Option 1: Relative timestamp (preferred)
e.g. “minutes since last event”
Each stat on the node stores the most recent event timestamp locally
When serialization call is made, the node uses its current system time to calculate a relative time (minutes_since_last_event) based on the most recent event
Pros:
Calculating node relative time minimizes impact of cluster time desync issues.
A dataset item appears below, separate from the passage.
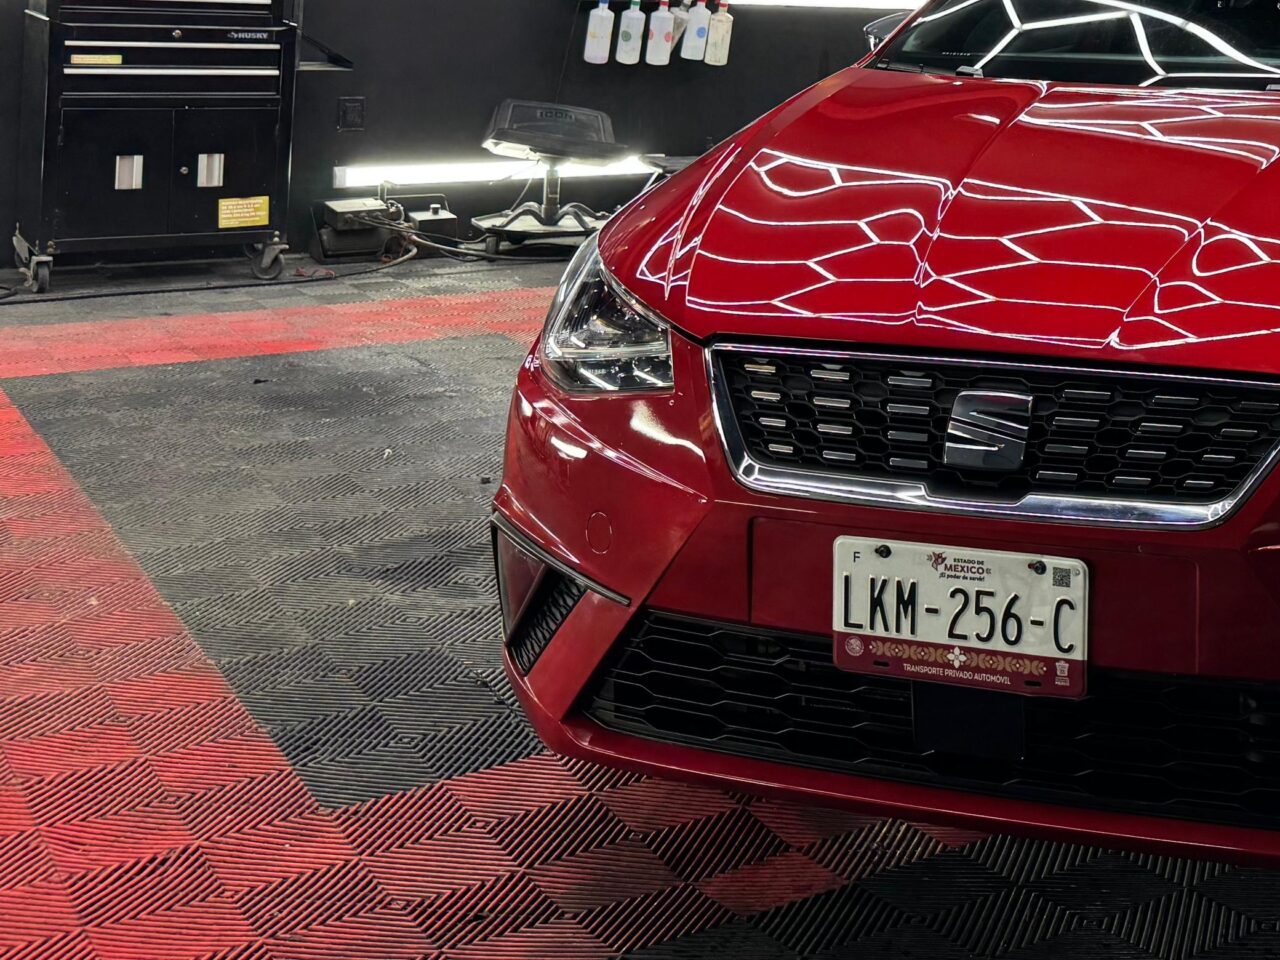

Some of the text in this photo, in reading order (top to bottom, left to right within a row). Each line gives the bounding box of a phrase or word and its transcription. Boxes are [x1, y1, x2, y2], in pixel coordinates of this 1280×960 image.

Each node only compares to itself.
Cons
Timestamp will be relative to api call time rather than absolute
Option 2: Unix timestamp
Each stat on the node stores the most recent event unix timestamp
When serialization call is made, that timestamp is returned as is
Pros:
Simple to return a single timestamp, absolute time value has more flexibility to be used by caller
Cons
Nodes can have clock drift and face time sync issues, requires additional cluster level clock sync to ensure system time on a node is consistent across cluster
State Stat Flow
On coordinator node level , API request to get state stats
Create a new map to store state stat info
Call helper functions to get state stats
Helper functions fetches info and update map with calculated values
... more helper calls
... more helper calls
... more helper calls
Map is formatted to match user request
Return map with info to
Next steps
As mentioned above, our next steps after the framework is implemented is to onboarding existing and new feature use cases onto the system.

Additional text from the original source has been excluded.